Mom cleared her throat. “Are you two finished play-acting The Oregon Trail? It’s lunchtime.”
“This game seems more depressing when we say it out loud, instead of playing on the computer,” I said.
David grinned. “Yeah, let’s go get pizza.”
Meghan Masterson  attempts to excuse her bad habit of reading at all hours (even at breakfast or far past her bedtime) as seizing the opportunity to study the construction of a plot or character. As a child, she gave her parents a flowery story about horses every year for Christmas. Thankfully, she has expanded her interests past tales of equine perfection and thinly veiled Nancy Drew retellings, and is now mainly interested in writing historical fiction. Meghan lives in Calgary with her husband, a crazy cat, and a dog who believes writing is a waste of time compared to walks or games of fetch. You can also find her on Facebook.
Black Hills Gold by Isabel Summers
I didn’t mean to lose my temper, but Mato kept pestering me to play the spear throwing game with him. Mother had placed me in charge of my little brother while she and the other women tanned the season’s buffalo hides. Winter was coming and the men would soon be heading to the flatlands to trade with the Cheyenne. I finally lost my patience when he jabbed me again with the sharp end of the stick.
“Mato!” I yelled, “If you do that again, I will break that stick over your head!”

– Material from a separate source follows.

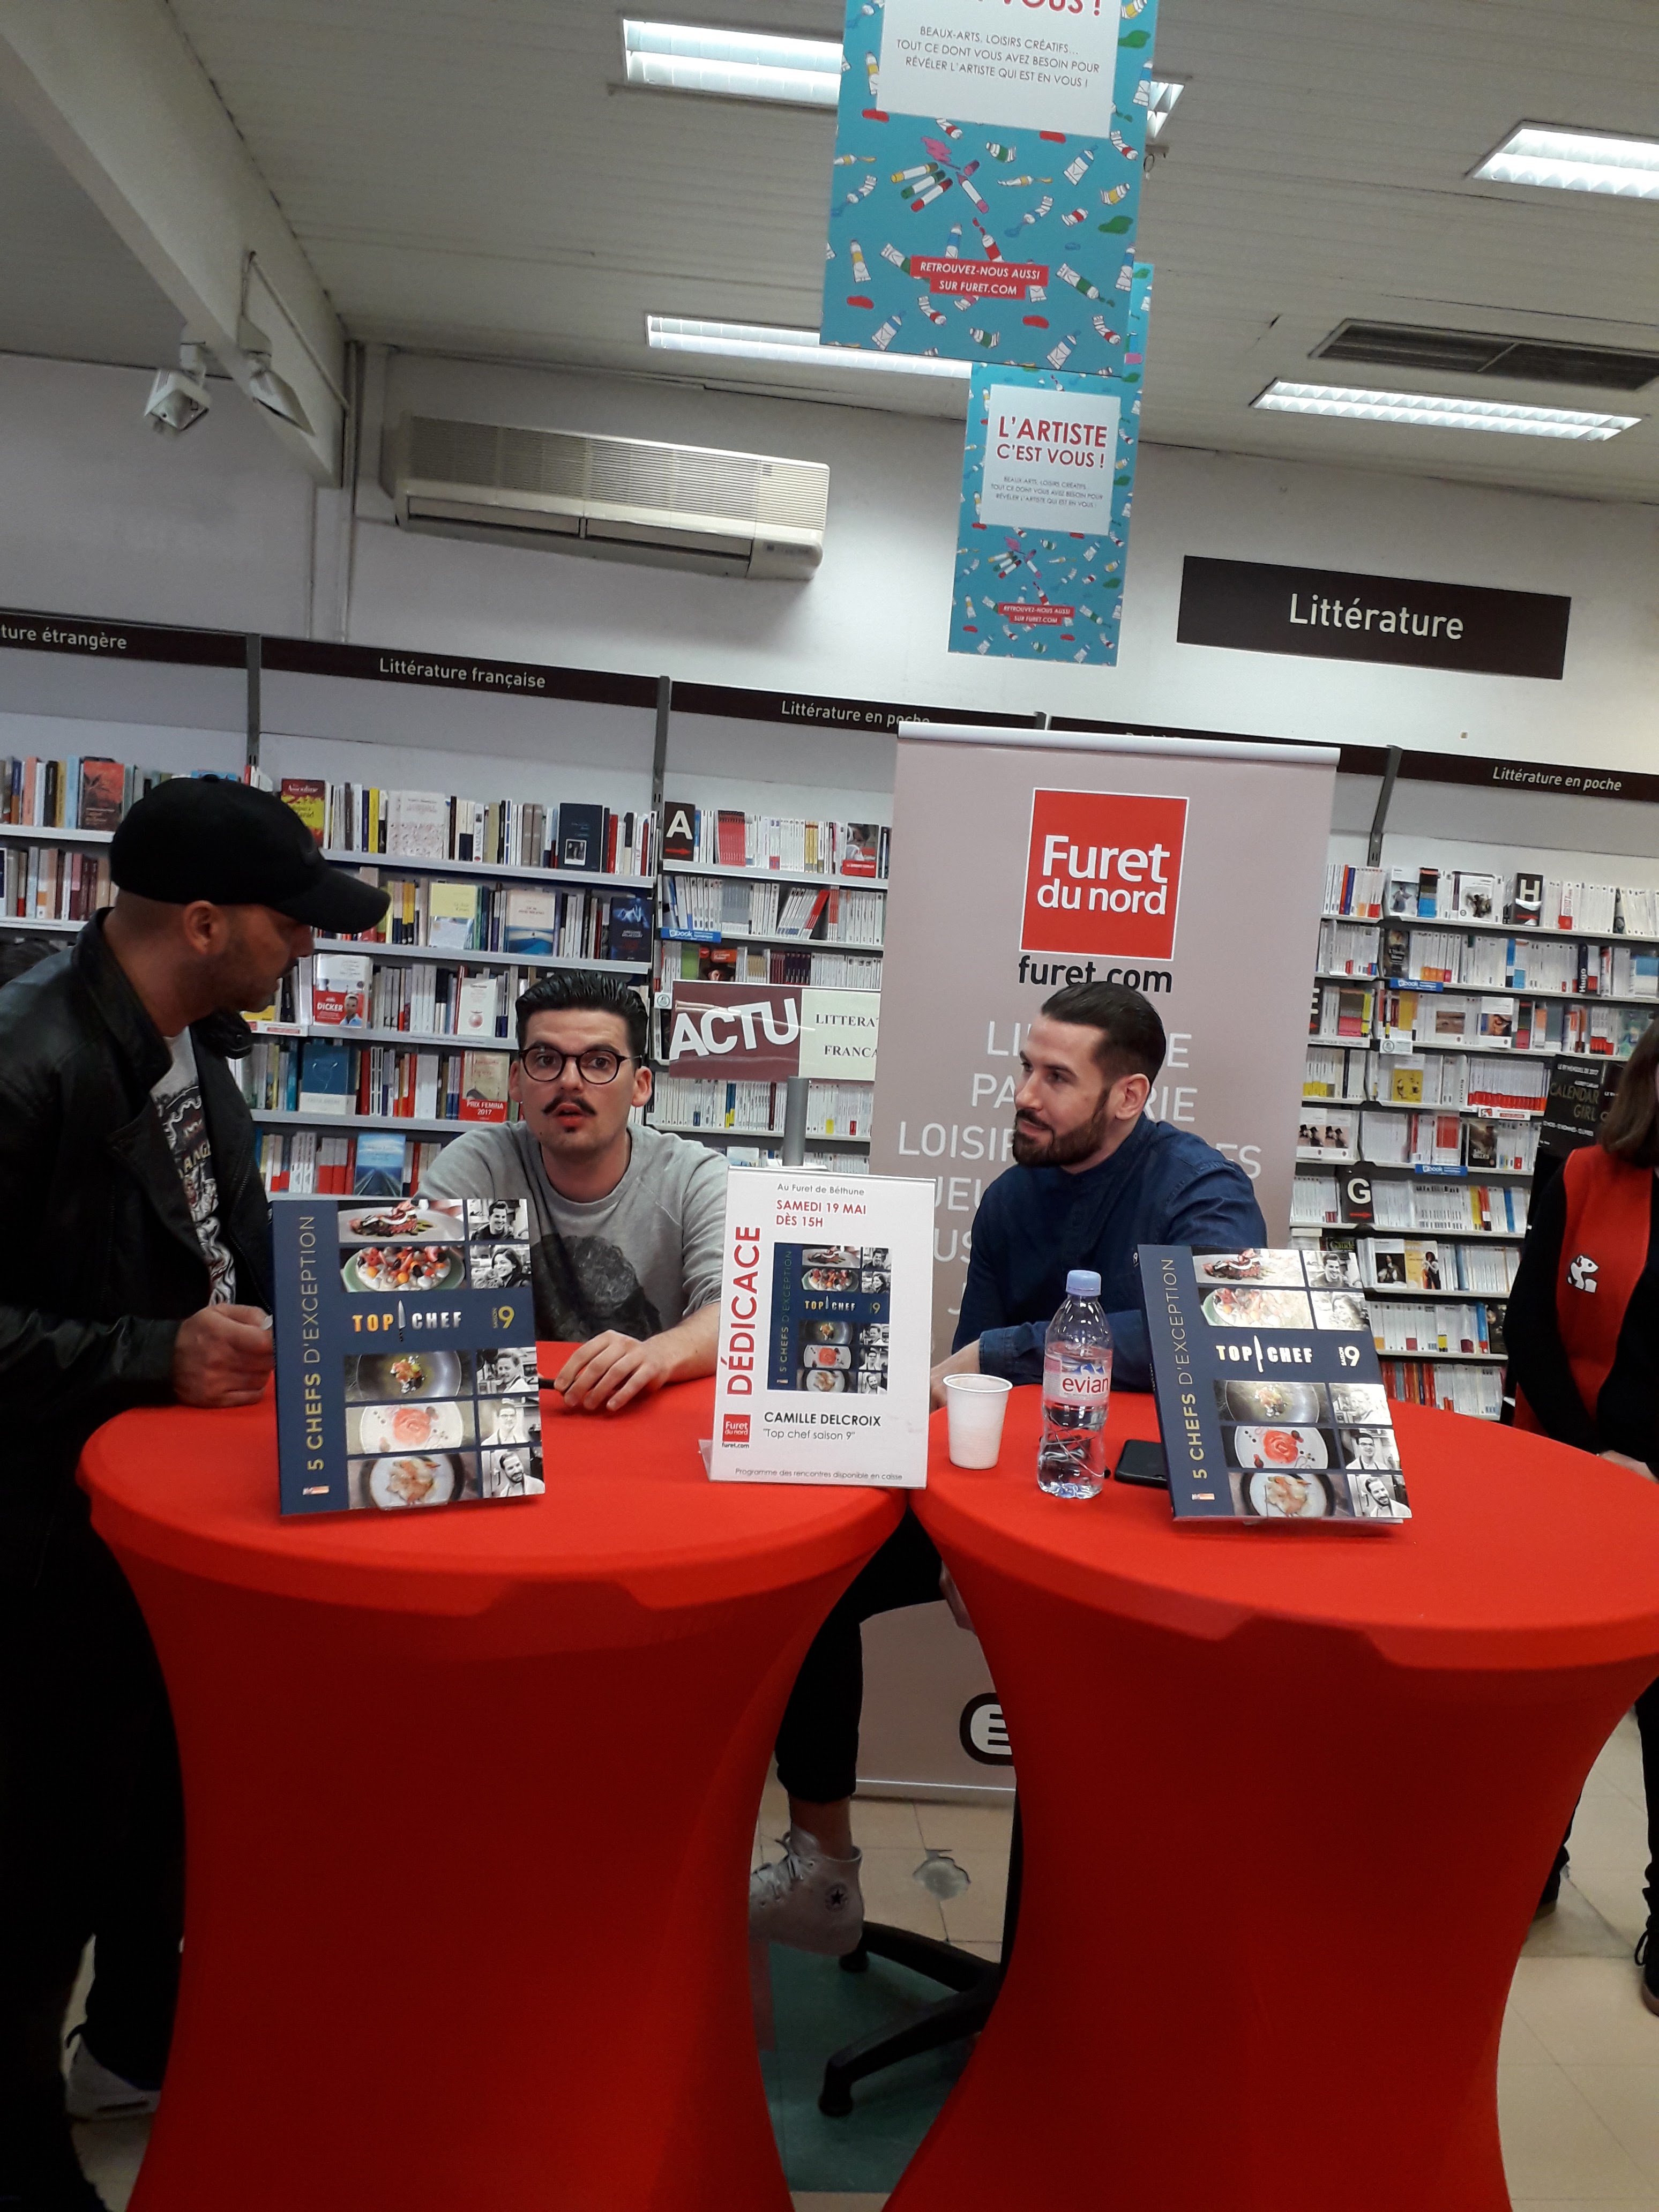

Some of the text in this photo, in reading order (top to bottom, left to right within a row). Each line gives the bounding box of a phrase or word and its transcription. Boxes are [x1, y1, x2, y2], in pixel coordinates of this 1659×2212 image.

With that, he ran crying from our tipi.
After finishing my chores I walked down the length of the village in search of him. The towering granite rocks of our sacred mountain, He Sapa, glistened in the waning sunlight, and I began climbing her majestic shoulders to get a better view of the village below. The elders had recently held a council meeting to discuss the many white men coming to He Sapa in search of gold. They called her the Black Hills and tore open her veins with axes and blasted her with dynamite. Reaching a sheltered ledge overlooking the wide plain below, I sat down on a flat rock warmed by the late afternoon sun.
In the distance I saw a long line of covered wagons approaching. As I watched them advancing, Mato crawled out from behind a boulder and sat beside me, resting his small head against mine.
Isabel Summers   has always written other people’s stories. They are the stories about culture; the ones that correct the misconceptions and stereotypes of a history written by the winners. These stories of history and a people that predate the invasion of this land are packaged in beautiful artwork and sold mostly in museums. Today, the Native People are still here and have become part of our country – but their culture and history are still alive. She tells stories that keep a culture alive. When she saw the covered wagon, she didn’t hesitate. She put her fingers on the keyboard and wrote. She told a story. Find out more about her stories through her Turtle Island  and personal  Facebook pages.
Congratulations to the winners, and happy writing!